Less logical than Calvin, less courageous either mentally or morally than Luther, stands Melanchthon, the friend of both, scholar and diplomatist of the movement. Preeminently the theologian of the Lutheran Church was Melanchthon, for he performed the important function of systematizing the theology of the times, and his literary productiveness was of an astounding character. His range was, in fact, encyclopedic, the age of the specialists being not yet. His peace-loving spirit and his devotion to truth. are held in honor to-day, for the world to-day-and every day-is less in need of the rushing reformer or the dainty humanist, than of the peaceable, pure, and devoted Christian. And such, we may allow, was Melanchthon, albeit he was not always so mild as is popularly supposed. He had, besides, a rather larger measure of that spirit of compromise which seems to be so much in favor in the institutions of our own country to-day. The merit was yet his

to have uncompromisingly opposed the superstitious tyranny of Rome; to have fostered learning in face of the Philistinism of the reforming party; to have left his impress as the "Teacher of Germany" on education in Protestant schools and universities; to have mitigated the rigor of theological theory; to have safeguarded public order, and preserved the sense of historic continuity; to have proved, in fact, the worthy lieutenant of the mightysouled Luther; and to have earned the veneration and gratitude of after ages, in respect of the finely disciplined spirit he displayed, and the calm and peaceful services he rendered.

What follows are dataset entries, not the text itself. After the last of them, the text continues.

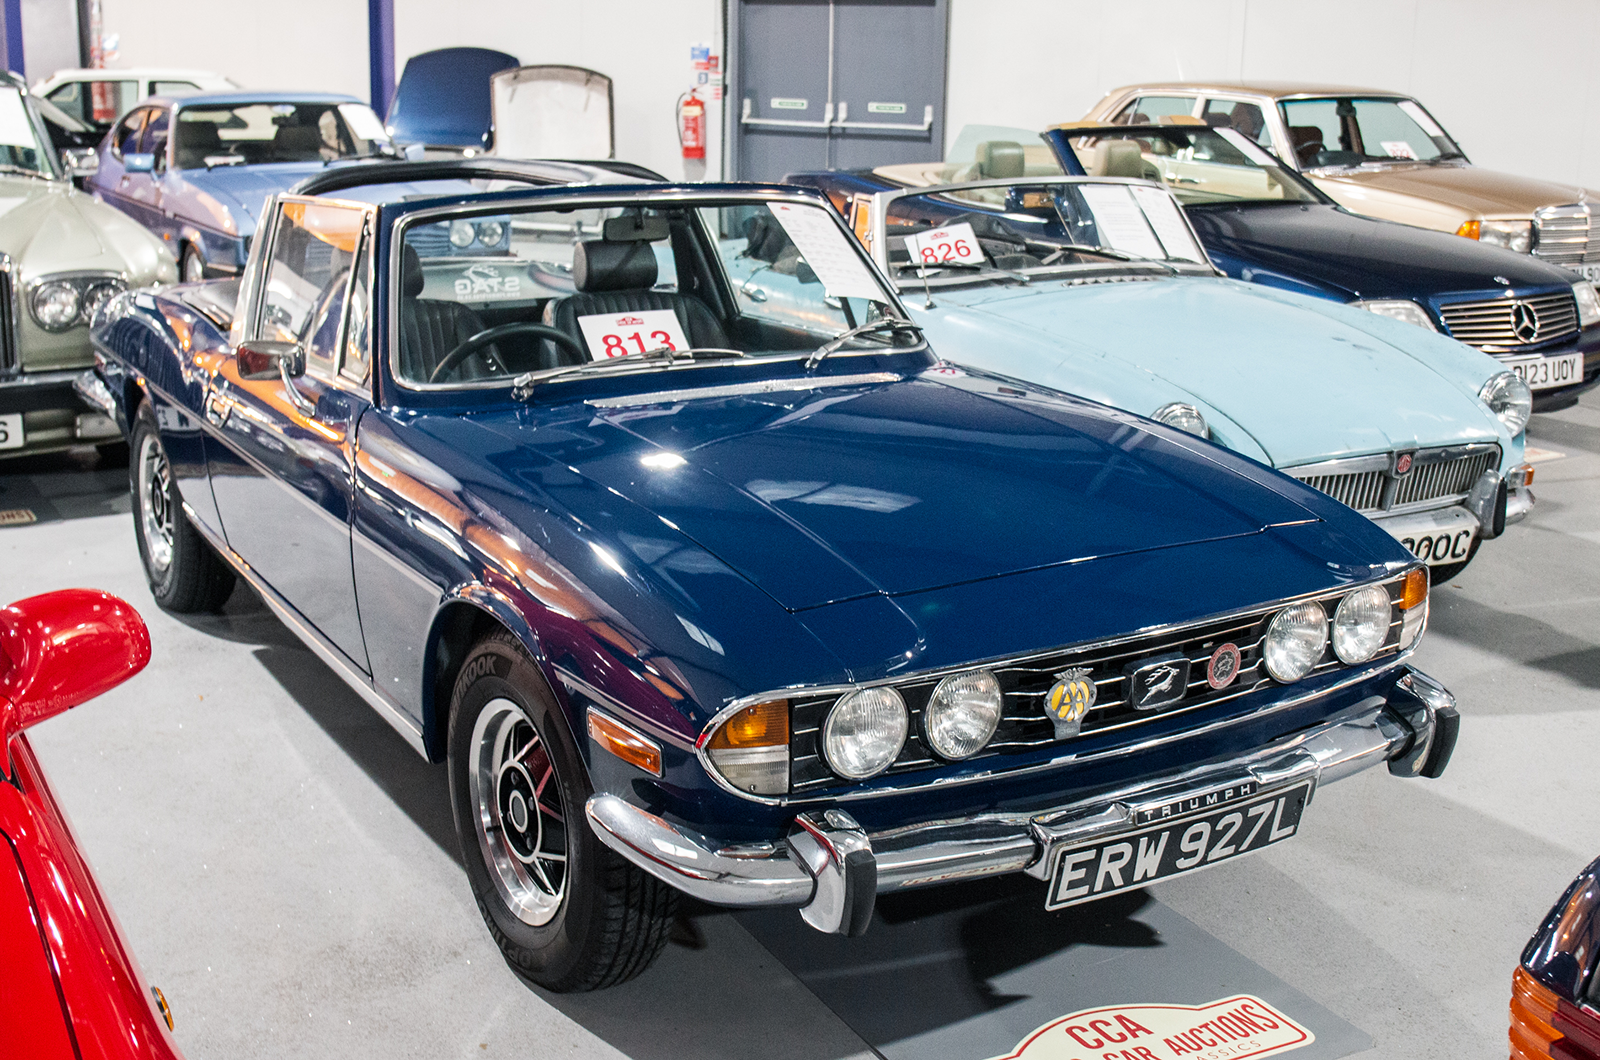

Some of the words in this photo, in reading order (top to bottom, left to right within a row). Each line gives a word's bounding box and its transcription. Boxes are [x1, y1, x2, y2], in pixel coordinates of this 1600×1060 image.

[921, 239, 971, 263] 826
[602, 330, 676, 358] 813
[1144, 784, 1251, 821] TRIUMPH
[1056, 831, 1170, 901] ERW
[1175, 797, 1296, 870] 927L
[1065, 1013, 1154, 1049] CCA
[1163, 1003, 1279, 1056] AUCTIONS

The peculiar niche filled by Melanchthon was just that of standing in the gateway of a new time, and trying to focus and peacefully unify, in and through his own single personality, all the influences at work amid the storm and stress of his age. Therein he was unique. In our day the restoration of the unity of Christendom in a purified churchly community is clearly seen to have been the ultimate and highest end of all Melanchthon's efforts. It has been properly claimed for him (for example, by Professor A. Dorner, of Königsberg) that he really opened up a new world to thought, in the way he passed beyond the former dualism of nature and grace to recognize the unity behind them, and clung to the possibility of nature-knowledge being harmoniously linked to knowledge ethical and religious. There seems to be more adequate recognition of his services to ethical thought of a philosophical character to-day than ever before. And it is clearly realized that his distinctive service lay in the way he was able to unite the speculative with the empirical, the naturally known with the historically revealed. It could not be otherwise with Melanchthon, for to him Nature also is offspring of God. Melanchthon's ethical feeling and his dislike of antinomian perversions are among the characteristics that mark him.